The Lauren Book Child Safety Ordinance bans adults convicted of certain sex crimes against children under the age of 16 from living within 2,500 feet of a Miami-Dade County school. It is named after Florida State Senator Lauren Book, who was sexually abused as a child by her nanny. Florida law only requires a 1,000-foot buffer.

With Miami-Dade County’s high density and lack of affordable housing, the restrictions force sex offenders to live under bridges and along railroad tracks, according to the amended complaint. The ACLU argues this punishes the plaintiffs after their original convictions and violates the constitutional prohibition against ex post facto laws, which increase punishment for crimes already committed.

The ordinance received national attention in 2007 after the Miami New Times reported a cluster of 100 homeless registered sex offenders were living under a bridge – one of the only places in the county they could live without violating the ordinance.

Since then, the offenders have moved to various encampments around the county, which are routinely broken up by police and county health officials.

A 2018 report by the Florida Department of Law Enforcement found 447 homeless sex offenders living in Miami-Dade County.

In 2018, U.S. District Judge Paul Huck upheld the ordinance, spurring the appeal to the 11th Circuit.  

“Because the ordinance’s goal is to prevent sex offenders from reoffending by limiting their access and opportunity, it is remedial, not retributive,” Huck, a Bill Clinton appointee, wrote in his ruling.

Tuesday's oral arguments, held via teleconference due to the Covid-19 pandemic, mostly focused on the ACLU’s last-minute request to amend their complaint to add an “as-applied” claim. This would direct the judge’s decision to affect only the plaintiffs in the case and not strike down the entire law, which is a more difficult hurdle in constitutional cases. Huck refused and later dismissed the case with prejudice.

Tilley said using the “as-applied” standard made sense, because “the county always had a laser-light focus on the plaintiffs.”

Miami-Dade County Assistant Attorney Michael Valdes criticized the ACLU for attempting to amend the pleadings on the last day of trial.

“This continuously becomes a moving target whereas there’s these last-minute awakenings to better arguments that could have been raised but weren’t raised,” Valdes said.

If the county knew the lawsuit would only apply to individual plaintiffs, “there’s other evidence that would have been relevant to those claims,” he said, such as mental health examinations.

U.S. Circuit Judge Kevin Newsom, a Donald Trump appointee, also expressed skepticism over the plaintiffs’ argument.

“This sounds a little jinky,” he said.

U.S. Circuit Judge Beverly Martin asked the county’s attorney if he agreed with the federal judge’s opinion that there is no evidence of inadequate housing for sex offenders.

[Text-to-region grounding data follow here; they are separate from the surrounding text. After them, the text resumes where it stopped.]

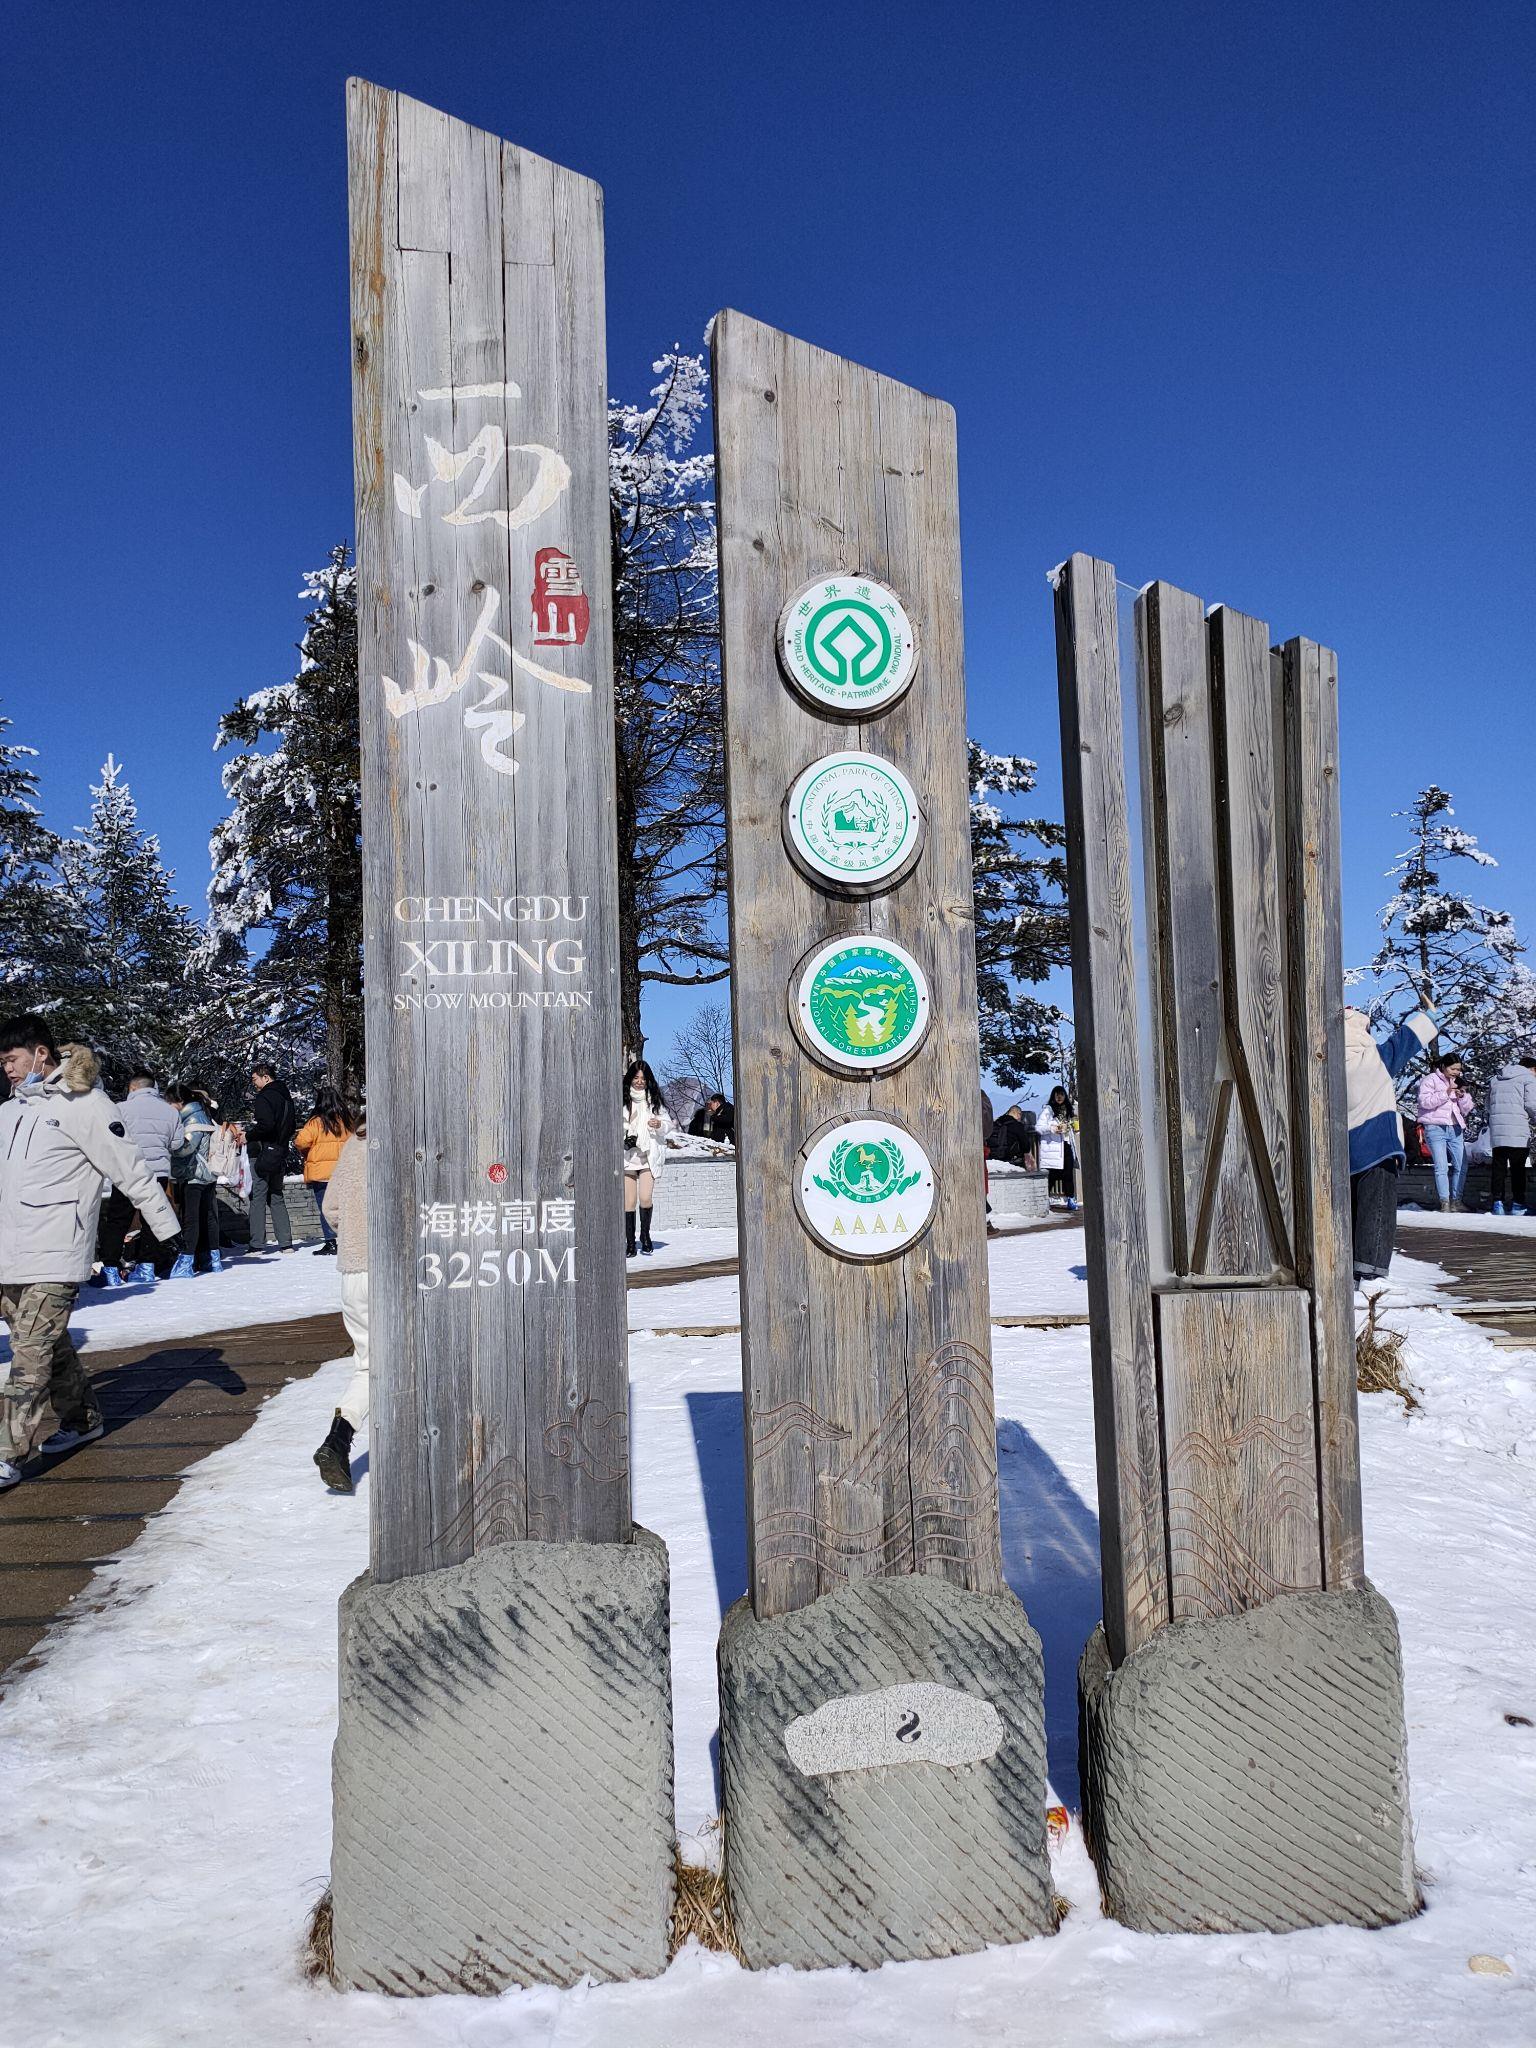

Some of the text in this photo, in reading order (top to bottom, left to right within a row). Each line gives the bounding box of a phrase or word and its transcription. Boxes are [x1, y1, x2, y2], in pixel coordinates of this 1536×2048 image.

[798, 584, 897, 618] 世界遗产
[794, 629, 902, 699] WORLD HERITAGE PATRIMOINE MONDIAL
[806, 768, 903, 812] NATIONAL PARK OF CHINA
[394, 896, 590, 923] CHENGDU
[399, 938, 587, 977] XILING
[393, 990, 593, 1010] SNOW MOUNTAIN
[812, 978, 917, 1055] NATIONAL FOREST PARK OF CHINA
[419, 1197, 577, 1238] 海拔高度
[418, 1246, 580, 1290] 3250M

“When I look at the evidence and Doe 5, it seemed to me that he was able to live with his family but not for the ordinance,” the Barack Obama appointee said. “The finding of fact was not right, was it?”

“There is no obligation that the plaintiffs have to be able to reside with the family member,” responded Valdes. “There was evidence that they had found compliant housing in the past ... and for a variety of reasons those options fell through.”

“The homelessness question isn’t about whether they can live at that house or that location, but whether they can live in any location,” he added before Martin interrupted him.

“They were not living in any location,” she said.

Martin also asked if the individual plaintiffs could come back to federal court at a later date with an as-applied challenge.

“There comes a time when there has to be a finality in litigation,” Valdes answered.

Newsom and Martin were joined on the panel by Senior U.S. District Judge William Keith Watkins, a George W. Bush appointee sitting by designation from the Middle District of Alabama.

The judges did not indicate when they will reach a decision in the case.